Just like that, the whole lot are swept up into the fold of Socinians; the Sabellians were "no more than Unitarians under a particular denomination." After all, the documented views of Noetus are so very implausible, who could possibly have believed them? But these believers have been drafted into the Unitarian ranks, they did not enlist voluntarily. The trouble is, both groups maintain a following even in the present day, and if you gathered together Modalists from the United Pentecostal Church and Socinians, if any such can still be found, from the Unitarian Universalists, the resulting conclave would not be a love-fest. The Socinians say that they believe Jesus Christ is a mere man, while the Modalists insist that He is God the Father. This is not a small difference, although there is one amongst the manifold forms of modalism, that promoted by Pope Callistus I, which does have a tendency to collapse into Unitarianism. The original form of the heresy, Patripassianism, shows no such tendency. Impressing all the Modalists into the Socinian ranks, in an effort to plump up the numbers, is not 'history,' but this very effort by Joseph Priestley took the academic world by storm. The Modalists return the favor when they do 'history,' explaining that because everybody knows that Jesus is God, those reported to have disagreed have been grievously insulted, a calumny which must be rectified by reclassifying these folks as Modalists. Impressing the Unitarians, who have their own history going back to Faustus Socinus of the radical Reformation, into the Restorationist ranks is a very similar project. But this naked display of bias on Priestley's part is why you pick up the newspaper and read about Constantine elevating Jesus to 'God' status. What David Barton does is respectable by comparison.

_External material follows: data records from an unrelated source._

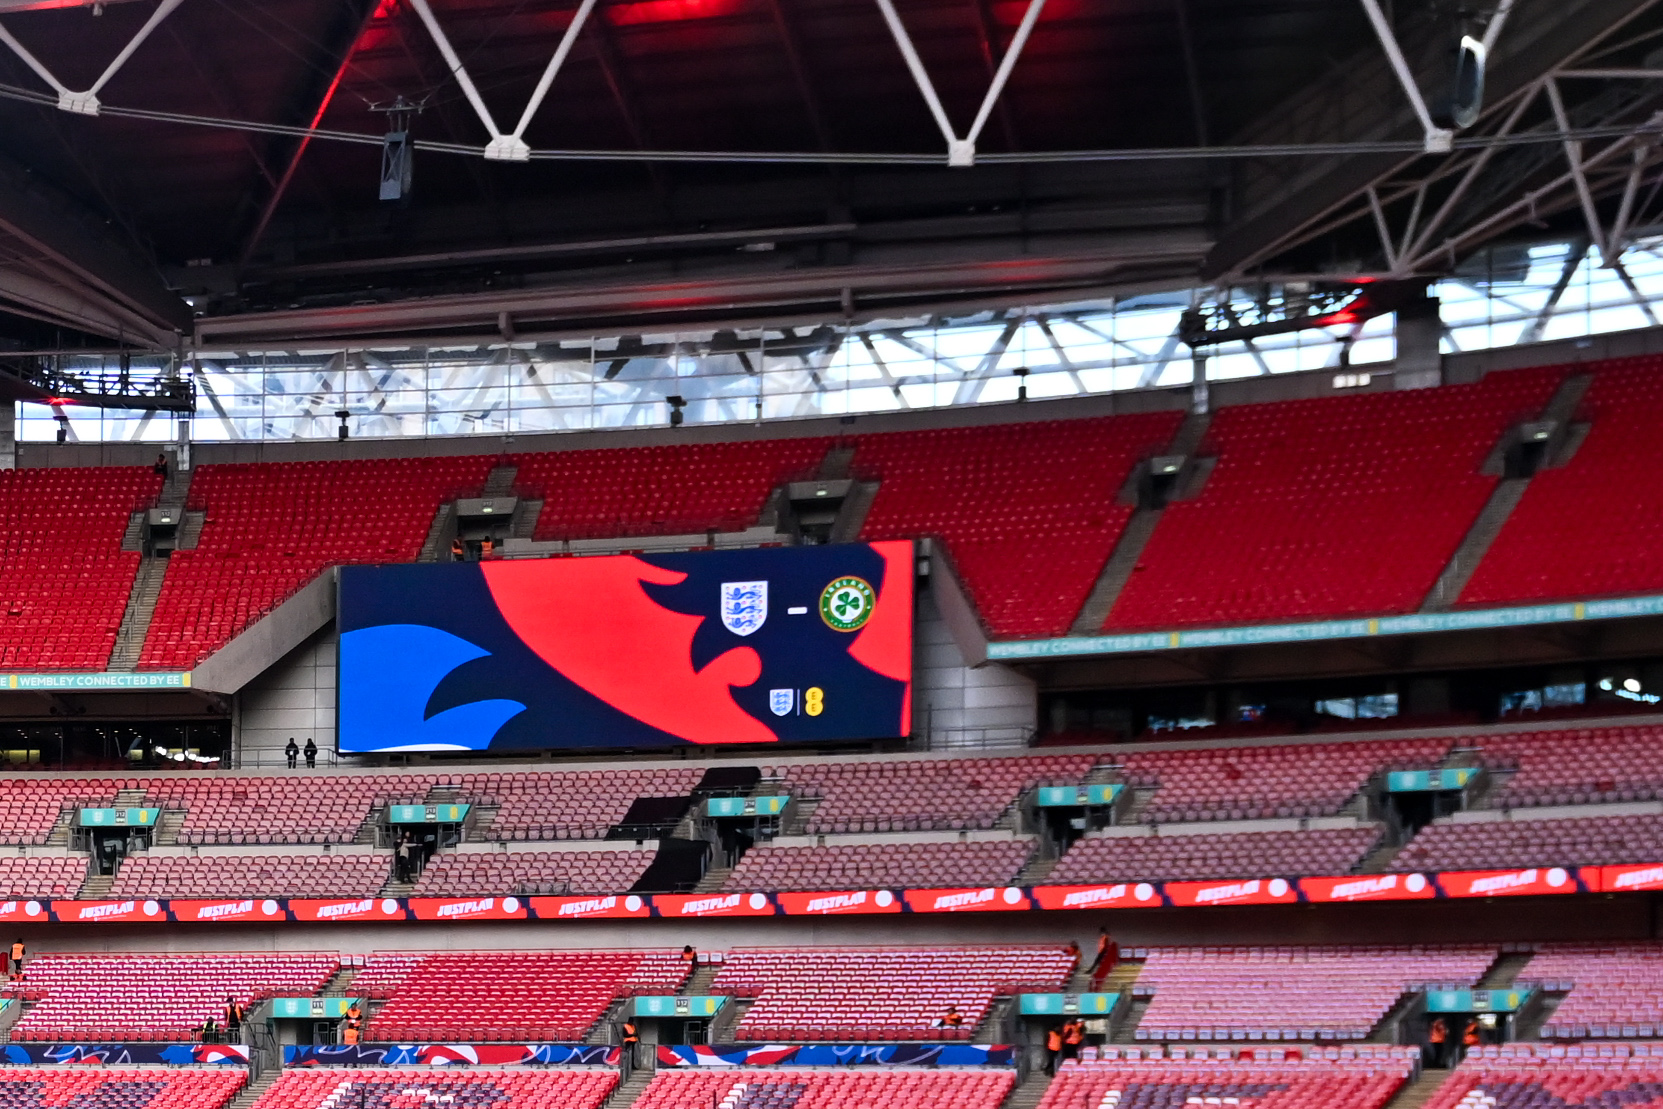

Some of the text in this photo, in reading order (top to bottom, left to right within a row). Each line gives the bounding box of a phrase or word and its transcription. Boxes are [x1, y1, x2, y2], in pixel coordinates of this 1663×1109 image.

[20, 675, 180, 686] WEMBLEY CONNECTED BY EE
[79, 901, 134, 919] JUSTPLAY
[198, 900, 253, 919] JUSTPLAY
[317, 899, 373, 918] JUSTPLAY
[437, 898, 494, 918] JUSTPLAY
[558, 896, 616, 916] JUSTPLAY
[682, 894, 740, 915] JUSTPLAY
[807, 891, 867, 912] JUSTPLAY
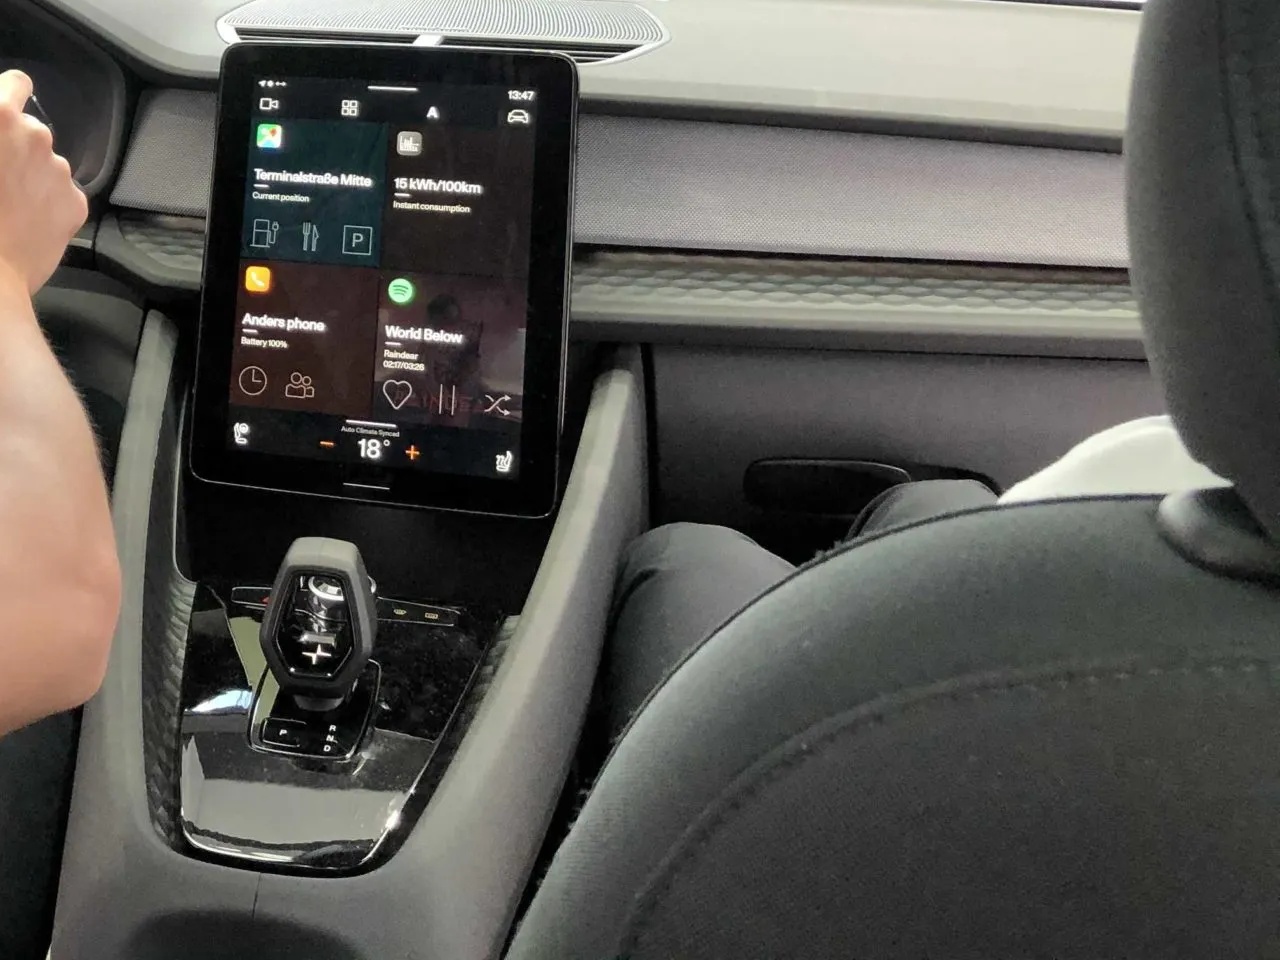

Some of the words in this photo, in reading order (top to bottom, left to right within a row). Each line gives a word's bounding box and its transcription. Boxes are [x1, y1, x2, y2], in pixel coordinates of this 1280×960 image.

[508, 90, 535, 100] 13:47
[253, 168, 339, 185] Terminalstraße
[340, 173, 373, 187] Mitte
[394, 177, 408, 189] 15
[409, 178, 483, 194] kWh/100km
[252, 191, 280, 201] Current
[280, 194, 310, 202] position
[393, 201, 420, 210] Instant
[420, 203, 471, 213] consumption
[242, 312, 285, 328] Anders
[286, 317, 326, 331] phone
[385, 325, 422, 340] World
[423, 328, 463, 343] Below
[241, 336, 268, 348] Battery
[268, 339, 288, 349] 100%
[384, 349, 419, 360] Raindear
[356, 427, 378, 435] Climate
[378, 429, 400, 438] Synced
[323, 744, 331, 752] D

The doctrine of the Trinity may be likened to an island fortress enduring assault from all sides: from the left come the modalists, from the right the Unitarians, sneaking up to the side are the Arians, and paddling off into the distance are the tritheists. The strategy for anti-Trinitarians is to reduce this diversity: they must identify other heresies with their own if at all possible. If not possible, and they must frankly acknowledge the divergence, as Joseph Priestley does with the Arians, then they are equally as appalled as are Trinitarians by the rank heresy. The goal is to position their own heresy as the default position; but why not the Mormon view, why not the Arian? Priestley cannot swallow the Arians as he does the modalists because there were Arians in his day, but few organized modalists. It has been tough to revive the Arian heresy in the modern era, as the Jehovah's Witnesses can testify: according to research by the Pew organization, they find it difficult to retain their own children in their organization. Only atheists do worse. In an ancient world still dominated by the pagans, it was a given that the word 'god' could be used in a weak sense, as when people talked of 'god-like Achilles.' It was hard for people to jump out of their own culture to examine objectively whether the Bible really shared this popular usage. With the waning of pagan polytheism, it has been harder to make that connection. But William Whiston was an Arian, John Locke was an Arian, Isaac Newton was an Arian; Priestley could not cozy up to such a bristly crew. I suspect if he were to run into a modern 'Oneness' advocate, the good vibes would not last long. Though he is correct in noticing the difference between their view and his pertains more to terminology than to substance, they will insist ferociously on clinging to their terminology and will not adopt his.

Person and Being

Speaking of a time frame inhabited by Tertullian, Eusebius, Novatus and Sabellius, Priestley writes,

"The distinction between person and being, which is the salvo at present, was not then known. Some persons in opposing Sabellius, having made three hypostases, which we now render persons, separate from each other, Dionysius, Bishop of Rome, quoted with approbation by Athanasius himself, said that it was making three Gods." (Joseph Priestley, A History of the Corruptions of Christianity, Part One, History of Opinions Concerning Christ, Section IV, p. 46).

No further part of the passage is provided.